Rendez-vous artistique et citoyen
Léna Martinelli
Les Trois Coups
Du 23 janvier au 9 février, ce festival dédié aux arts du geste et porté par Scènes & Cinés, propose 24 spectacles de danse et de cirque dans 6 villes réparties sur Istres Ouest Provence (14 lieux). Fidèle à sa mission, il propose une programmation audacieuse et ancrée dans son territoire, avec une attention particulière pour les publics et un solide volet éducatif. Près de 15.000 personnes sont attendues.
Les Élancées se sont ouverts en pleine nature, au Domaine départemental de l’étang des Aulnes à Saint-Martin-de-Crau (coréalisé par le Citron Jaune CNAREP, Archaos BIAC 2025 et le Théâtre d’Arles), avec Trilokia, un parcours poétique où le geste rencontre le paysage, dans trois tableaux inspirés des éléments. Fidèle à sa vision minimaliste et artisanale du cirque, Jani Nuutinen proposait de suspendre le temps pour forger ensemble un récit sur l’humanité. Une expérience singulière (lire l’entretien avec Laura Plas).

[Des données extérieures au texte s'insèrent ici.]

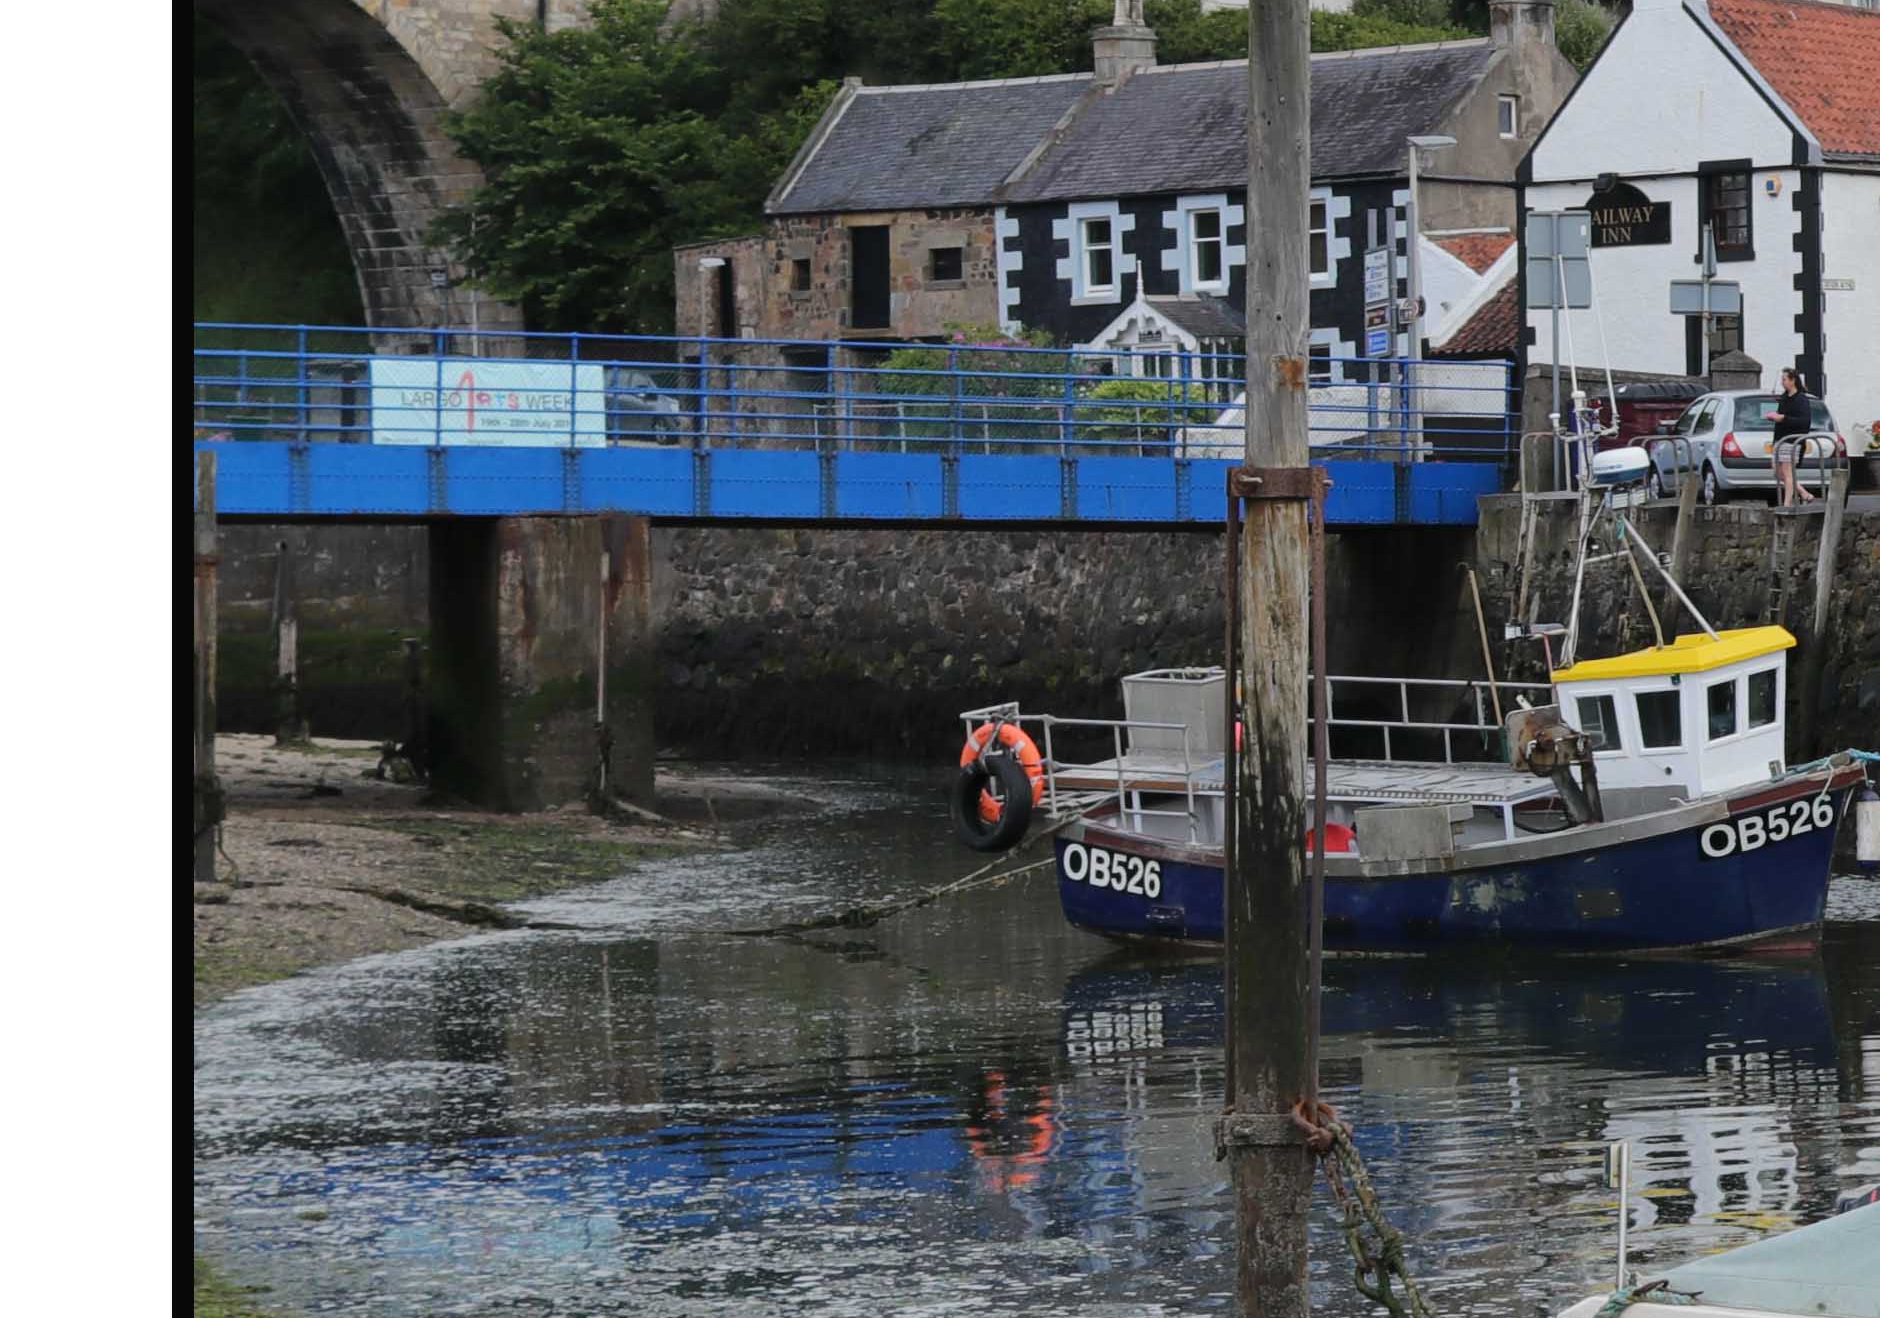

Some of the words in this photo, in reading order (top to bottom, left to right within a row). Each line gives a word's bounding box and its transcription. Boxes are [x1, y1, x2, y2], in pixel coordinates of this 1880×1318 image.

[1592, 205, 1655, 226] AILWAY
[1602, 226, 1632, 244] INN
[525, 393, 575, 411] WEEK
[1700, 794, 1834, 858] OB526
[1063, 843, 1161, 898] OB526

Pour notre part, nous avons commencé notre reportage par la table ronde, une entrée en matière pertinente, dans ce contexte alarmant de coupes budgétaires des pouvoirs publics en matière culturelle. Organisée dans le cadre des Rencontres Professionnelles de la Biennale Internationale des Arts du Cirque 2025, « Arts du Geste et Éducation Artistique et Culturelle : pour une approche sensible et engagée » a réaffirmé l’importance de l’EAC et valorisé des structures qui placent au cœur de leurs missions l’accès à la culture.

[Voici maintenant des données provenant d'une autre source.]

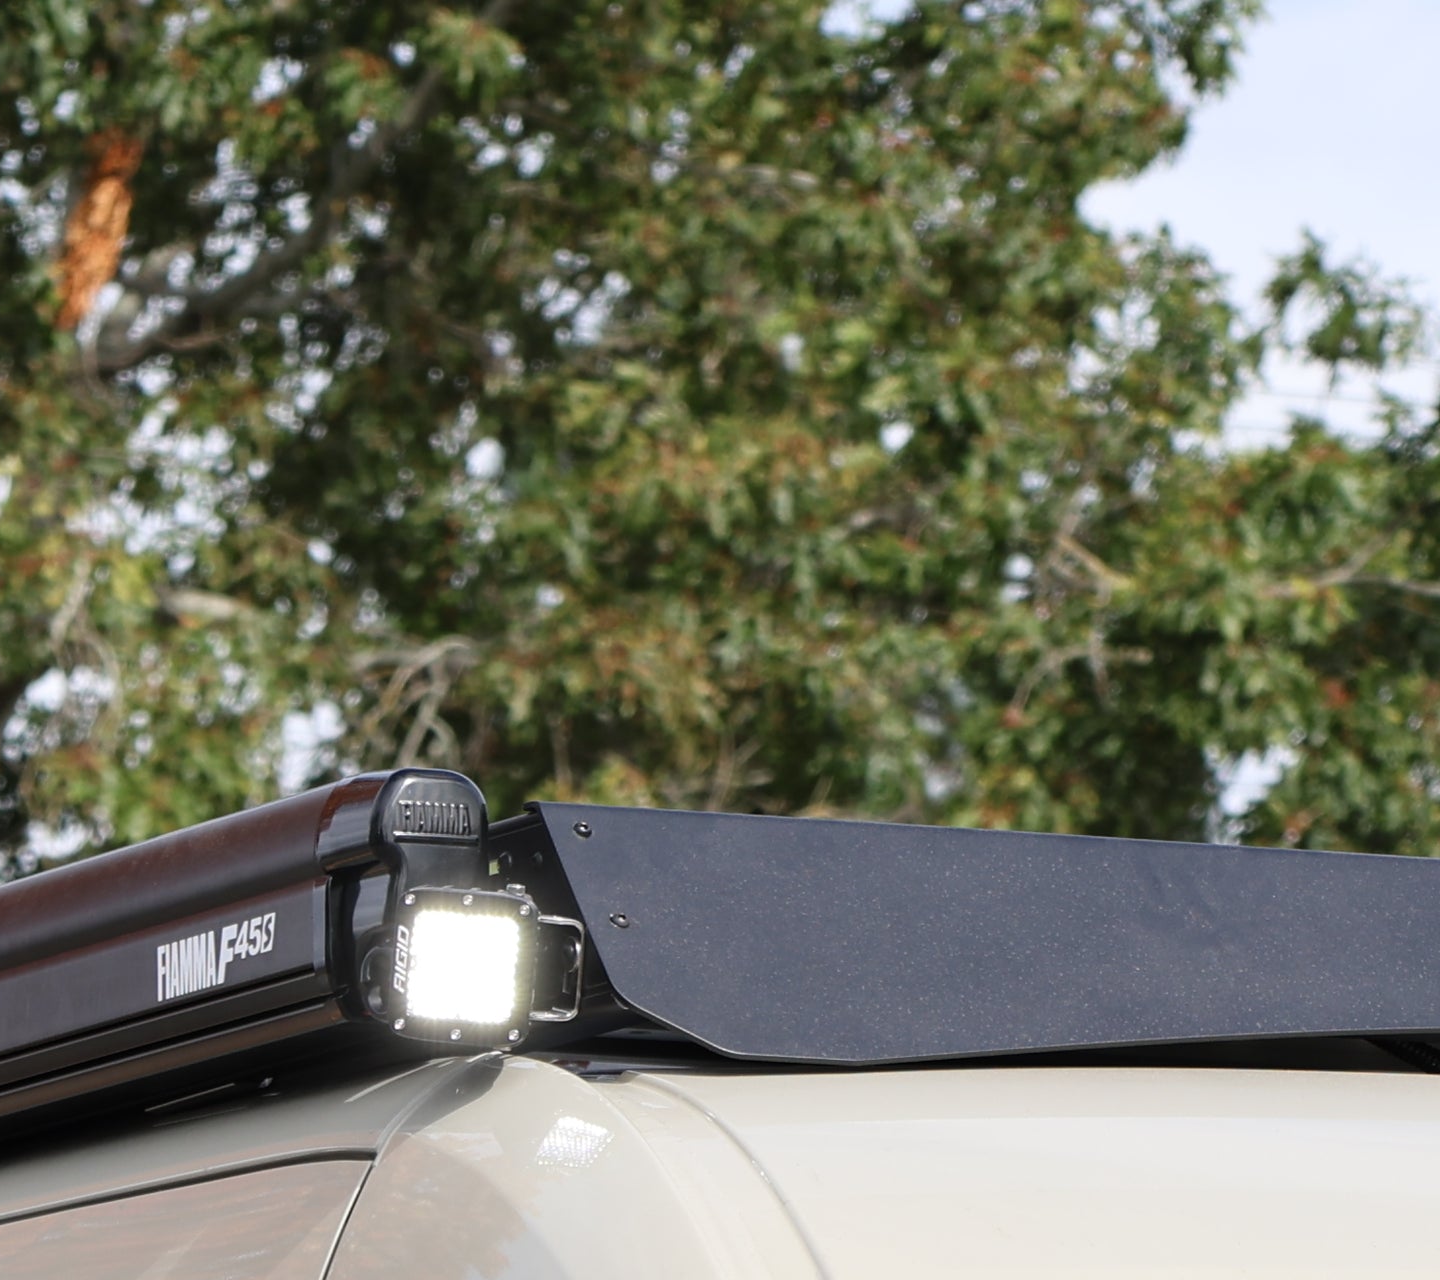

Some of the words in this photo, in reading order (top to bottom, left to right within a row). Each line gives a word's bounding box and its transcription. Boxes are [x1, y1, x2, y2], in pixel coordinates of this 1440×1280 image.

[397, 800, 472, 834] FIAMMA
[157, 930, 217, 1002] FIAMMA
[393, 924, 410, 994] RIGID

Ouverture tous azimut : aux disciplines, aux générations, aux pratiques
Équité territoriale et démocratie culturelle : c’est l’engagement des Élancées auprès du corps enseignant, d’associations et établissements socio-éducatifs de la Métropole. Et dans ces temps troublés, on sait combien c’est important de garder le cap. La culture est plus que jamais un lieu de résistance », a souligné dans son introduction Nicole Joulia, présidente de Scènes & Cinés, 1ère adjointe, déléguée à la culture, aux droits des femmes et à la citoyenneté et vice-présidente du Conseil départemental des Bouches-du-Rhône. Dans l’édito, elle écrit même : « Les Élancées sont plus qu’un festival : c’est un Manifeste pour une culture de proximité, un espace de partage où chacun trouve sa place et où l’art reste accessible à tous ».

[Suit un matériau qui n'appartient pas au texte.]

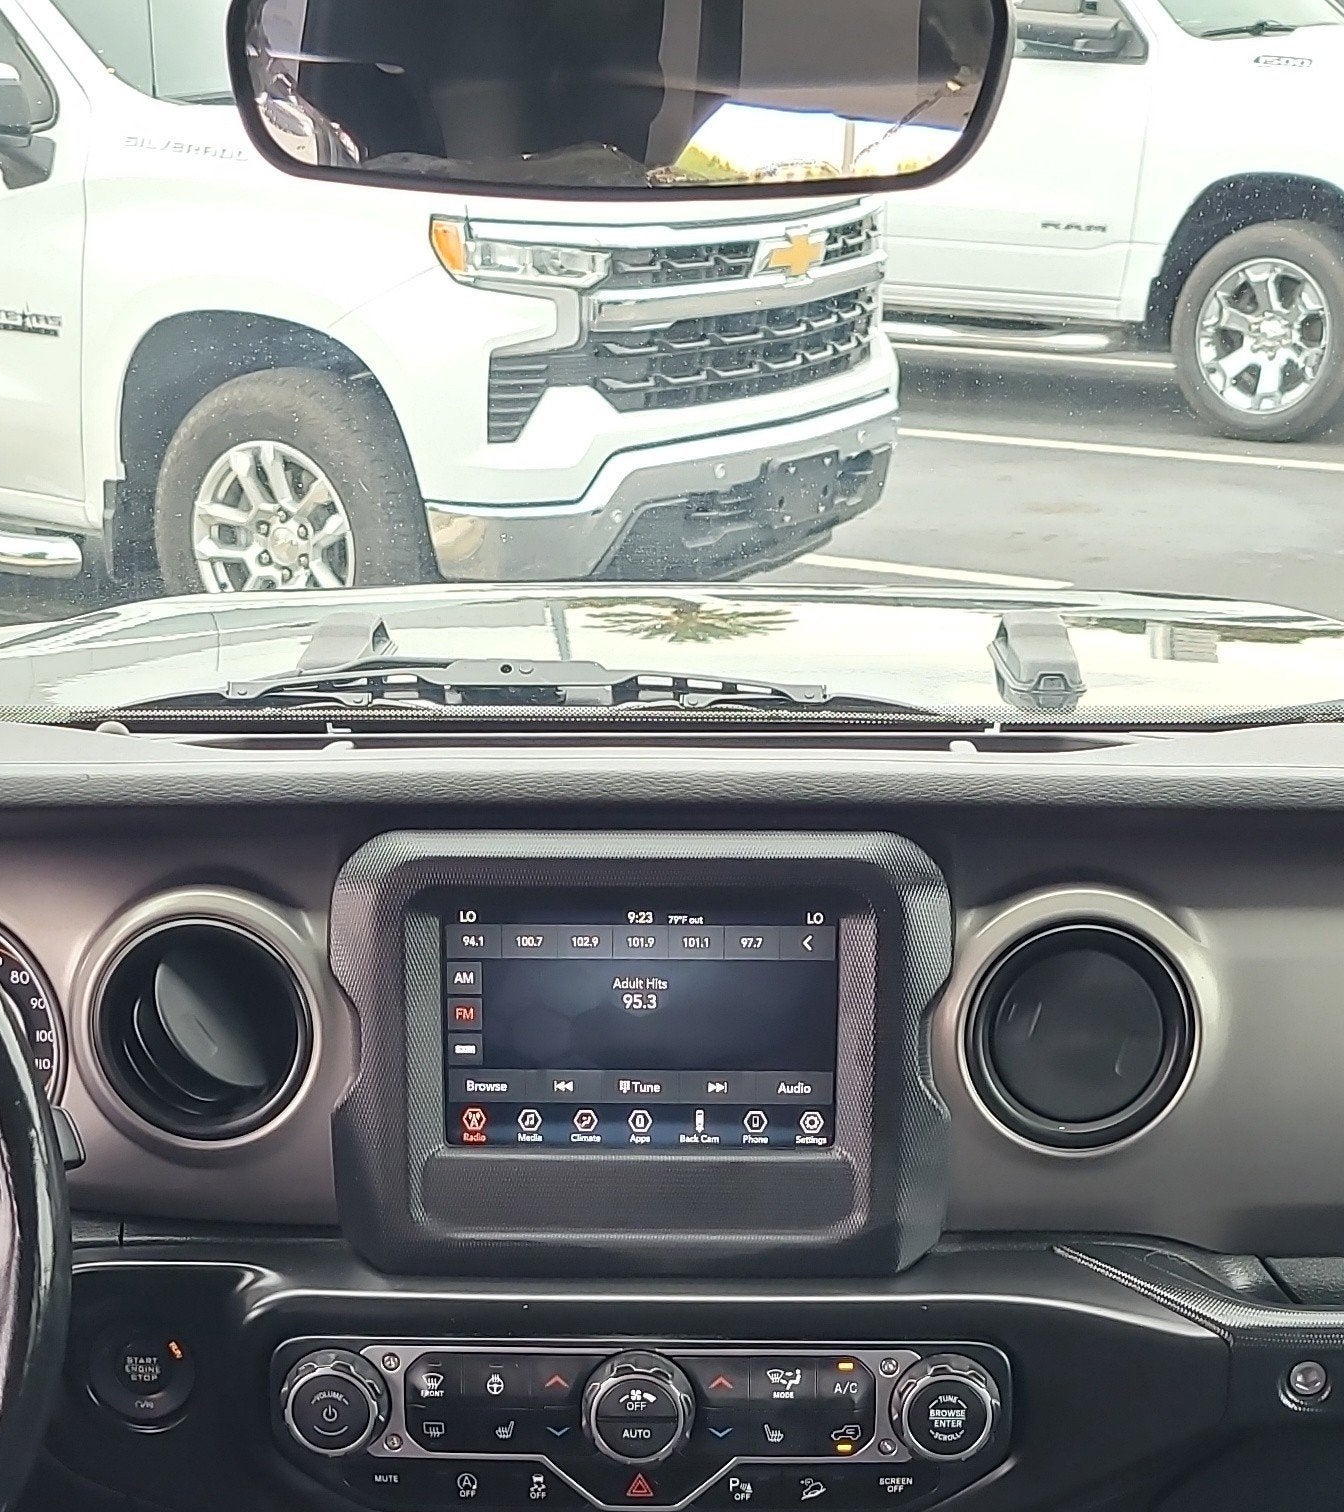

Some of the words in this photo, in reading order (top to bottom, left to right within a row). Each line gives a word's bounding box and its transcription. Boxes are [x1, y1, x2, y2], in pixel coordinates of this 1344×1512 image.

[1040, 221, 1107, 233] RAM
[459, 910, 477, 923] LO
[627, 911, 654, 924] 9:23
[807, 912, 824, 925] LO
[462, 936, 485, 947] 94.1
[515, 936, 543, 948] 100.7
[571, 936, 599, 948] 102.9
[627, 936, 655, 948] 101.9
[682, 937, 710, 948] 101.1
[740, 937, 763, 949] 97.7
[10, 971, 30, 985] 80
[454, 972, 474, 984] AM
[612, 977, 644, 990] Adult
[646, 977, 668, 990] Hits
[30, 997, 47, 1010] 90
[622, 994, 657, 1009] 95.3
[455, 1008, 474, 1020] FM
[35, 1030, 54, 1043] 100
[466, 1080, 508, 1092] Browse
[632, 1082, 661, 1093] Tune
[777, 1082, 812, 1094] Audio
[463, 1133, 487, 1142] Radio
[517, 1133, 543, 1142] Media
[570, 1134, 601, 1142] Climate
[629, 1135, 651, 1144] Apps
[679, 1135, 700, 1143] Back
[700, 1135, 720, 1143] Cam
[742, 1135, 769, 1144] Phone
[795, 1136, 827, 1145] Settings
[126, 1356, 158, 1365] START
[131, 1374, 158, 1382] STOP
[834, 1381, 858, 1395] A/C
[314, 1391, 344, 1401] VOLUME
[420, 1389, 444, 1398] FRONT
[773, 1391, 795, 1399] MODE
[938, 1395, 959, 1403] TUNE
[626, 1402, 647, 1411] OFF
[929, 1409, 966, 1417] BROWSE
[934, 1419, 963, 1428] ENTER
[622, 1428, 651, 1439] AUTO
[933, 1432, 960, 1442] SCROLL
[374, 1474, 399, 1483] MUTE
[879, 1477, 913, 1485] SCREEN
[459, 1490, 476, 1498] OFF
[530, 1491, 546, 1499] OFF
[734, 1492, 751, 1501] OFF

Anne Renault, la directrice artistique, a rappelé les spécificités de ce festival créé à Istres, devenu intercommunal depuis, et de la structure qui le porte. Grâce à des formules d’abonnement, Scènes & Cinés fait circuler les publics entre Cornillon-Confoux, Fos-sur-Mer, Grans, Istres, Miramas, Port-Saint-Louis-du-Rhône, soit un bassin de population de 100.000 personnes. « Sur ce territoire paupérisé, l’EAC fait partie de son ADN », a-t-elle précisé. Une multitude d’activités et de ressources nourrissent les échanges ainsi que la curiosité. Les bénéfices sont considérables. Valoriser les potentialités expressives de son corps redonne confiance en soi, favorise l’émancipation et l’attention à l’autre. Libérés des codes sociaux liés à l’oralité, les arts du mouvement permettent de surmonter plusieurs barrières : les niveaux de langues et les postures sociales. Ils relient plus facilement les générations.
© Sarah Meneghello
Les Élancées œuvrent à la sensibilisation aux arts du geste auprès des jeunes, favorisant l’expression personnelle, la pensée critique et la mobilisation citoyenne. Sur les 73 représentations, 21 sont dédiées aux établissements scolaires, touchant chaque année près de 150 classes et 3.500 enfants. Le programme s’enrichit avec des ateliers dans les écoles et un parcours d’éducation artistique (959 participants aux ateliers EAC). L’obtention du label 100 % EAC est donc une reconnaissance méritée. Les publics empêchés sont eux aussi très bien accompagnés. La qualité de la programmation, le travail quotidien au plus près des spectateurs et cette démarche volontariste pour une culture abordable (prix moyen du billet 9,39 €) porte ses fruits.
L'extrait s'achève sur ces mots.